*** INPUT DATA ***
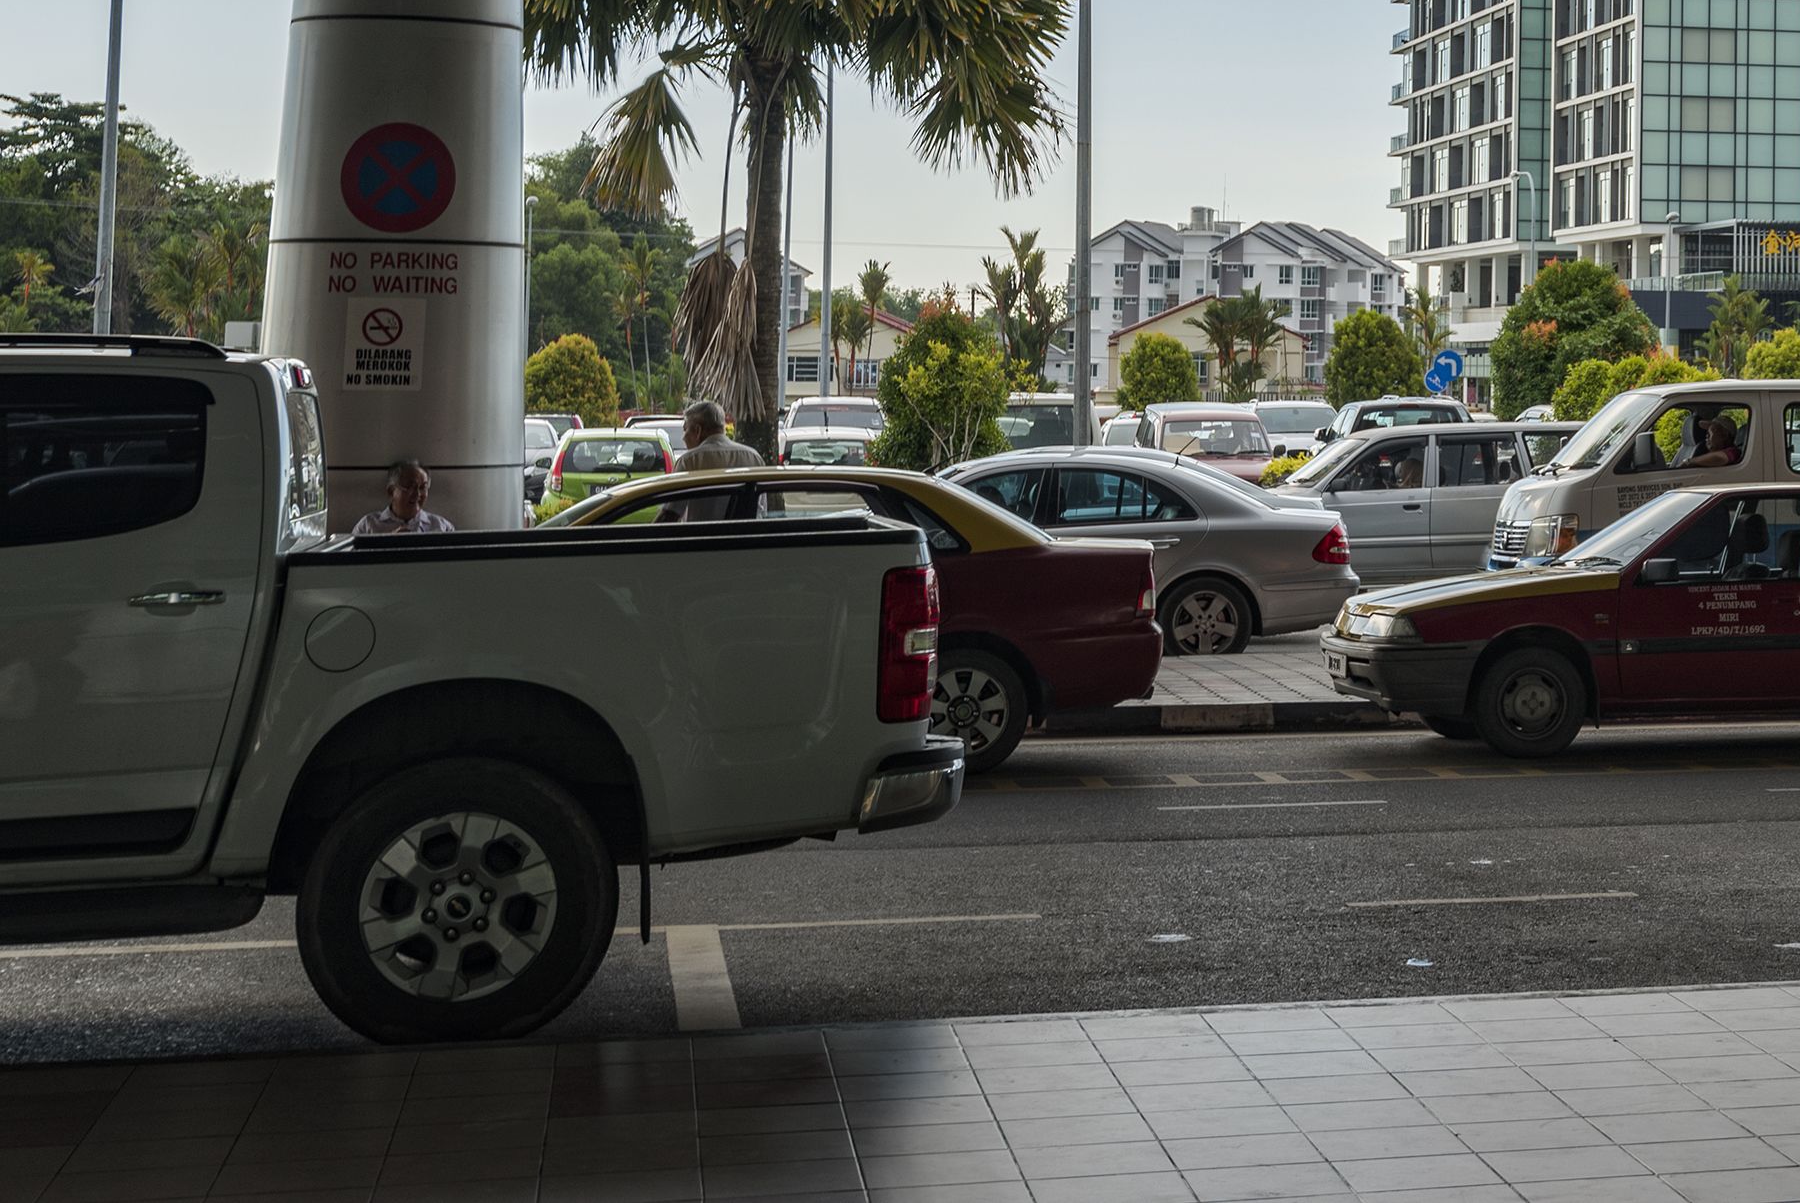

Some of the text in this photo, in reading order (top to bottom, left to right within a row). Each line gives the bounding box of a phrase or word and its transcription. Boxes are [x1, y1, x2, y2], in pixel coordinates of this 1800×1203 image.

[330, 252, 458, 270] NO PARKING
[328, 275, 458, 294] NO WAITING
[355, 349, 412, 360] DILARANG
[355, 360, 411, 371] MEROKOK
[346, 374, 418, 386] NO SMOKIN
[1713, 592, 1737, 600] TEKSI
[1706, 600, 1757, 610] PENUMPANG
[1719, 613, 1739, 622] MIRI
***
◆ **INSTRUCTIONS TO FOLLOW**
Once the pictures are removed, set down what remains of the entries above exactly.

◆ **FINISHED EXERCISE**
Some of the text in this photo, in reading order (top to bottom, left to right within a row). Each line gives the bounding box of a phrase or word and its transcription. Boxes are [x1, y1, x2, y2], in pixel coordinates of this 1800×1203 image.

[330, 252, 458, 270] NO PARKING
[328, 275, 458, 294] NO WAITING
[355, 349, 412, 360] DILARANG
[355, 360, 411, 371] MEROKOK
[346, 374, 418, 386] NO SMOKIN
[1713, 592, 1737, 600] TEKSI
[1706, 600, 1757, 610] PENUMPANG
[1719, 613, 1739, 622] MIRI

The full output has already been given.